Males typically weigh 165 to 290 kg (364 to 639 lb) and females weigh 140 to 260 kg (310 to 570 lb).
The blue wildebeest is mostly active during the morning and the late afternoon, with the hottest hours of the day being spent in rest. These extremely agile and wary animals can run at speeds up to 80 km/h (50 mph), waving their tails and tossing their heads.

Bulls become territorial at the age of four or five years, and become very noisy. When competing over territory, males grunt loudly, paw the ground, make thrusting motion with their horns, and perform other displays of aggression.
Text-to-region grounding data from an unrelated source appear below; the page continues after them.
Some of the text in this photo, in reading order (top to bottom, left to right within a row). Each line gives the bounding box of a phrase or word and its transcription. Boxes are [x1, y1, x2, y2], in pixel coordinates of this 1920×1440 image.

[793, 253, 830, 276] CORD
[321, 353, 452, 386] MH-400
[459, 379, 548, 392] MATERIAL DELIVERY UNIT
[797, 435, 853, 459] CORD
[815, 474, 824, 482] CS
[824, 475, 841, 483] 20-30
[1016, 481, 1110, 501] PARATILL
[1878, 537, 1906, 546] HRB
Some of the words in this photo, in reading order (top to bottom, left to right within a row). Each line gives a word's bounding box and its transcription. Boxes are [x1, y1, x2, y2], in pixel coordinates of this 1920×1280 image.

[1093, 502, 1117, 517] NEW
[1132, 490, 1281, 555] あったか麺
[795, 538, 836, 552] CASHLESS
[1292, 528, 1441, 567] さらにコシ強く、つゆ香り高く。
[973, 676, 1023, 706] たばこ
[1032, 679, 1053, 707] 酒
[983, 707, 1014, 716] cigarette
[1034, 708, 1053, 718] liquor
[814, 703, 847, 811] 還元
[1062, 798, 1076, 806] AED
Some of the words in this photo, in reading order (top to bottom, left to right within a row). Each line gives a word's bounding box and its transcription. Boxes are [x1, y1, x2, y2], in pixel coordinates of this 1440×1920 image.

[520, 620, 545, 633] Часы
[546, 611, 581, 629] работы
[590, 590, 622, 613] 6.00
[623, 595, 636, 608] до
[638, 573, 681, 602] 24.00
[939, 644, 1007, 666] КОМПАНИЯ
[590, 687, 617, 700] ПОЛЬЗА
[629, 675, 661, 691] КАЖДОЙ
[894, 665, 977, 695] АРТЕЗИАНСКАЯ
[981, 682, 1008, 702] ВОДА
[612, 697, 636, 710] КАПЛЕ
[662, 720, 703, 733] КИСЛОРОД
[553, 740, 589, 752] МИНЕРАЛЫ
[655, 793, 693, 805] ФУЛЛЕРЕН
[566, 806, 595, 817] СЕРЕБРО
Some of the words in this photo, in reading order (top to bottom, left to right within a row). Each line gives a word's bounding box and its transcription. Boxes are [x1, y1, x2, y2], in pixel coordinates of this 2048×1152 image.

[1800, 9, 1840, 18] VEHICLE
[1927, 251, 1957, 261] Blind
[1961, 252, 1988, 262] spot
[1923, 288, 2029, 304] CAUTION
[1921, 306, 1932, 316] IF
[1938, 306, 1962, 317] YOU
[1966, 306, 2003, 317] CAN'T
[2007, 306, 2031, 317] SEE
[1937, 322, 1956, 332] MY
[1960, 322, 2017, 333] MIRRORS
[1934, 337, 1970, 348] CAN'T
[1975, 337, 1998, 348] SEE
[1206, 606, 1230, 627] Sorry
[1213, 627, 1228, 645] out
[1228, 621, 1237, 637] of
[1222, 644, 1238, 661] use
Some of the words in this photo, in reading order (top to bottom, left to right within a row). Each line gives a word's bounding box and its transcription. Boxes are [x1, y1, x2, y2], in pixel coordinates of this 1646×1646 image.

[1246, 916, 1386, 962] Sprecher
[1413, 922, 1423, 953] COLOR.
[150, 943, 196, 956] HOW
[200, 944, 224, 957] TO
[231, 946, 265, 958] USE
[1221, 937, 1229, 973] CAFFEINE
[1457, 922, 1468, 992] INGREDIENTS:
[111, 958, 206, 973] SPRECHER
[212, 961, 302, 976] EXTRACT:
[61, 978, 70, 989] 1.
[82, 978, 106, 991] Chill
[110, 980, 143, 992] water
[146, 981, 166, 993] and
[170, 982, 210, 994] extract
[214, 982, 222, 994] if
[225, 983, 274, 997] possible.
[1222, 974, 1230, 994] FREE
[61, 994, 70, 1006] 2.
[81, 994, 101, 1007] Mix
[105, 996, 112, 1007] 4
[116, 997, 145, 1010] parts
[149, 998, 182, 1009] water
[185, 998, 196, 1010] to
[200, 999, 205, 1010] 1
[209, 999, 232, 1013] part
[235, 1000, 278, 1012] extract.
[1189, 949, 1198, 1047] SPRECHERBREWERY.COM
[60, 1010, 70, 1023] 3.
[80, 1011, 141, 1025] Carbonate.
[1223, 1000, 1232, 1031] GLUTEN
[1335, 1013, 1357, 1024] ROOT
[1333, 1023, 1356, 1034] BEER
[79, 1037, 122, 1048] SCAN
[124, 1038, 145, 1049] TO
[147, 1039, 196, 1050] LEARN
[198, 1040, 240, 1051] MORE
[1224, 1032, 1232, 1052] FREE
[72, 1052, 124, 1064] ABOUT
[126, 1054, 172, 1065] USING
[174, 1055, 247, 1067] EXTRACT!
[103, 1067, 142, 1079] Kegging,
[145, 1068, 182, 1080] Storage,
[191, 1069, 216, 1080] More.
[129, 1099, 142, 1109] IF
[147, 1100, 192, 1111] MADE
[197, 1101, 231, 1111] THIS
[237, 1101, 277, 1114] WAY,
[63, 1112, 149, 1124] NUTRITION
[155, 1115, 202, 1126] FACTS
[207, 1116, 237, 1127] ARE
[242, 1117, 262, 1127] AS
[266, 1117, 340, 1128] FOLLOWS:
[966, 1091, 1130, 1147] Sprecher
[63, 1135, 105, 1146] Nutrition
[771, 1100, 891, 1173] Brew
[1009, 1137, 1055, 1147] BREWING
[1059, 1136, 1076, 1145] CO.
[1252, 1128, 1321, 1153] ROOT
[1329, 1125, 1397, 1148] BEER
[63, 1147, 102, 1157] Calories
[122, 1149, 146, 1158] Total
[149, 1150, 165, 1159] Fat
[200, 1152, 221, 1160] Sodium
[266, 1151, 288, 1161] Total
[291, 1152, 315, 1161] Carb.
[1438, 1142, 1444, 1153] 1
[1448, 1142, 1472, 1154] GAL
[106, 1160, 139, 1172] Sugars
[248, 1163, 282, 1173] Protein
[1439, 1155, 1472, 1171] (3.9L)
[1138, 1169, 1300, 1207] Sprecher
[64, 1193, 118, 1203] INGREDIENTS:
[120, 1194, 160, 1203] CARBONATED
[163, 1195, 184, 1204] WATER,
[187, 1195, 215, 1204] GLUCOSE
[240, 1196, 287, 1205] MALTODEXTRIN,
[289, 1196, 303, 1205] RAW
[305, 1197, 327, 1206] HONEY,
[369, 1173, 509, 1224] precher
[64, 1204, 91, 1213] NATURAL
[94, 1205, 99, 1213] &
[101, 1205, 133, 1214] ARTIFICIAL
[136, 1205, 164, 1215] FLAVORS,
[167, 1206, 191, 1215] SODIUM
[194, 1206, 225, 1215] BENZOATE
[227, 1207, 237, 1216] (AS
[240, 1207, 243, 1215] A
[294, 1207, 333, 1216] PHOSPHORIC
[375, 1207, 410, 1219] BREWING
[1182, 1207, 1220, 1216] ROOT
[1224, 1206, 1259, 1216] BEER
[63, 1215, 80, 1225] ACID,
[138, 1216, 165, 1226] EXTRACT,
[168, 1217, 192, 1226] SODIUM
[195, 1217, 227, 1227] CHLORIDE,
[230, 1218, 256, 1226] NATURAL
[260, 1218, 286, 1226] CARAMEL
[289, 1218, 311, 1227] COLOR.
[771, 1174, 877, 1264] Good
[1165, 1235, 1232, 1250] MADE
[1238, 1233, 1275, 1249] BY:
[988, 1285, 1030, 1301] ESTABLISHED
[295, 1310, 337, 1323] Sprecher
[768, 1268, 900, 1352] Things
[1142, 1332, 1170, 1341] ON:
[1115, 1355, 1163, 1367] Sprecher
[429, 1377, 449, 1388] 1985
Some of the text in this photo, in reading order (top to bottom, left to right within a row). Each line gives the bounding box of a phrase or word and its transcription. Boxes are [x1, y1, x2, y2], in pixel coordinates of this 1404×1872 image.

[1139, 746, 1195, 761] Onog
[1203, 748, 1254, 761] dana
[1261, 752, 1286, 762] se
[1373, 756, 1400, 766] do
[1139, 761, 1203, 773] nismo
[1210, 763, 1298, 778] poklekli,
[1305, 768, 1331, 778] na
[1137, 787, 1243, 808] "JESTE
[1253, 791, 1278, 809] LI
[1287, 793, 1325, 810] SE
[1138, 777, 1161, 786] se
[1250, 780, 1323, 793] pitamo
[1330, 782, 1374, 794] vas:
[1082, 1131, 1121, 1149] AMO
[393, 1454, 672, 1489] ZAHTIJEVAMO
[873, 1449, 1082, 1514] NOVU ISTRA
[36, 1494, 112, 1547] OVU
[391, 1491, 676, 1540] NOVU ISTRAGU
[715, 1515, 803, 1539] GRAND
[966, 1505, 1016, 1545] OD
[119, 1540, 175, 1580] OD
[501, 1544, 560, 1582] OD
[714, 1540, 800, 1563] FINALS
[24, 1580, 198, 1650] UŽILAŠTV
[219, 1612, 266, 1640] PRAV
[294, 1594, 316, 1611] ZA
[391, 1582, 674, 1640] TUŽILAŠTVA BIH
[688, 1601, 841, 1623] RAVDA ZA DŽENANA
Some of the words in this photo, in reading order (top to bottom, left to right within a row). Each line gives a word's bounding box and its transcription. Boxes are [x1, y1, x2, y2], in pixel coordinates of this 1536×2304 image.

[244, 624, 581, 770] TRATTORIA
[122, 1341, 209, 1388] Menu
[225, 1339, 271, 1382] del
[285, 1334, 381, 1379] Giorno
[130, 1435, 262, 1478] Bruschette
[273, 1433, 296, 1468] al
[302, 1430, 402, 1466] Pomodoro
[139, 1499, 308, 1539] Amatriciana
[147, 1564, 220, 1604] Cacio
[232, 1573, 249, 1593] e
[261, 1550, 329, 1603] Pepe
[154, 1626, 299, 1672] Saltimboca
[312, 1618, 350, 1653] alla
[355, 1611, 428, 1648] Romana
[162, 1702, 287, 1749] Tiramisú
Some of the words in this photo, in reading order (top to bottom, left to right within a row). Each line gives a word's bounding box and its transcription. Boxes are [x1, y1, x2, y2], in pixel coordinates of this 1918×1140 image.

The blue wildebeest is a herbivore, feeding primarily on the short grasses which commonly grow on light, and alkaline soils that are found in savanna grasslands and on plains.

Whenever possible, the wildebeest likes to drink twice daily and due to its regular requirement for water, it usually inhabits moist grasslands and areas with available water sources. The blue wildebeest drinks 9 to 12 litres of water every one to two days. Despite this, it can also survive in the arid Kalahari desert, where it obtains sufficient water from melons and water-storing roots and tubers.

Three African populations of blue wildebeest take part in long-distance migrations, timed to coincide with the annual pattern of rainfall and grass growth on the short-grass plains, where they can find the nutrient-rich forage necessary for lactation and calf growth.